New dates for the diary21 May 2021 11:41
Here is the news piece from Sky, pasted below. It explains why the UK introduced a system that was supposed to deter travel, failed, and has had to be repositioned with an 'amber = no' message in order to keep our independent border policy in strict alignment with EU policy. This policy of operating with hands tied on the instructions of the commission is not going unnoticed out in the country, no matter how much the beep et al wants to keep it off the agenda. It is becoming a big off-record complaint and it is going to get harder and harder to impose the commissions' de facto UK border restrictions. People are booking, whatever. Look at how lockdown lobbiest chieftain PP has had to instruct the entire police force to threaten repeated knocks on the door to check you are complying with the law. That turns the fundamental principal of innocent until proven guilty on it's head. These numpties have turned from vacc heroes to lockdown zeros in a matter of a couple of weeks. This is police state stuff, knocking on doors checking compliance with whatever law. In the UK. All in the name of imposing the EU commission border policy on a country that is supposed to be independent of them. Anyway, I digress, the news story with dates for the diary;
"Deal reached for EU-wide COVID travel pass for summer holidays
The European Union has reached a deal on COVID certificates designed to open up tourism across the 27-nation bloc this summer.
The certificate will take the form of a QR code on a smartphone or paper, letting authorities determine the status of a visitor based on records in their home EU country.
It will show if a person has received a vaccine, had a recent negative test or had immunity based on recovery.

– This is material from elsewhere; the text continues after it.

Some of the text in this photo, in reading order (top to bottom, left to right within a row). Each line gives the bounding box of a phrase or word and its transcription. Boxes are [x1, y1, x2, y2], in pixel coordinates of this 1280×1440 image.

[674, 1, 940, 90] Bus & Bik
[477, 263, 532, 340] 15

Politicians had wanted countries to commit to free testing for the certificate and said that no EU country should set additional quarantine requirements.
Germany and Sweden were among those resisting, officials said, though countries within the bloc in general are reluctant to give up their final say on border controls.
In the end, EU countries agreed to refrain from imposing additional restrictions, such as testing or quarantines, unless considered necessary on public health grounds, such as because of the rise of a new coronavirus variant.
The European Parliament is expected to pass a law in the week beginning 7 June for more than a dozen EU countries, including France and Spain, to test the system before a launch on 1 July.
The scheme also covers non-EU members of the border-free Schengen zone - Iceland, Liechtenstein, Norway and Switzerland - and is separate from plans to open up the European Union to vaccinated non-EU visitors.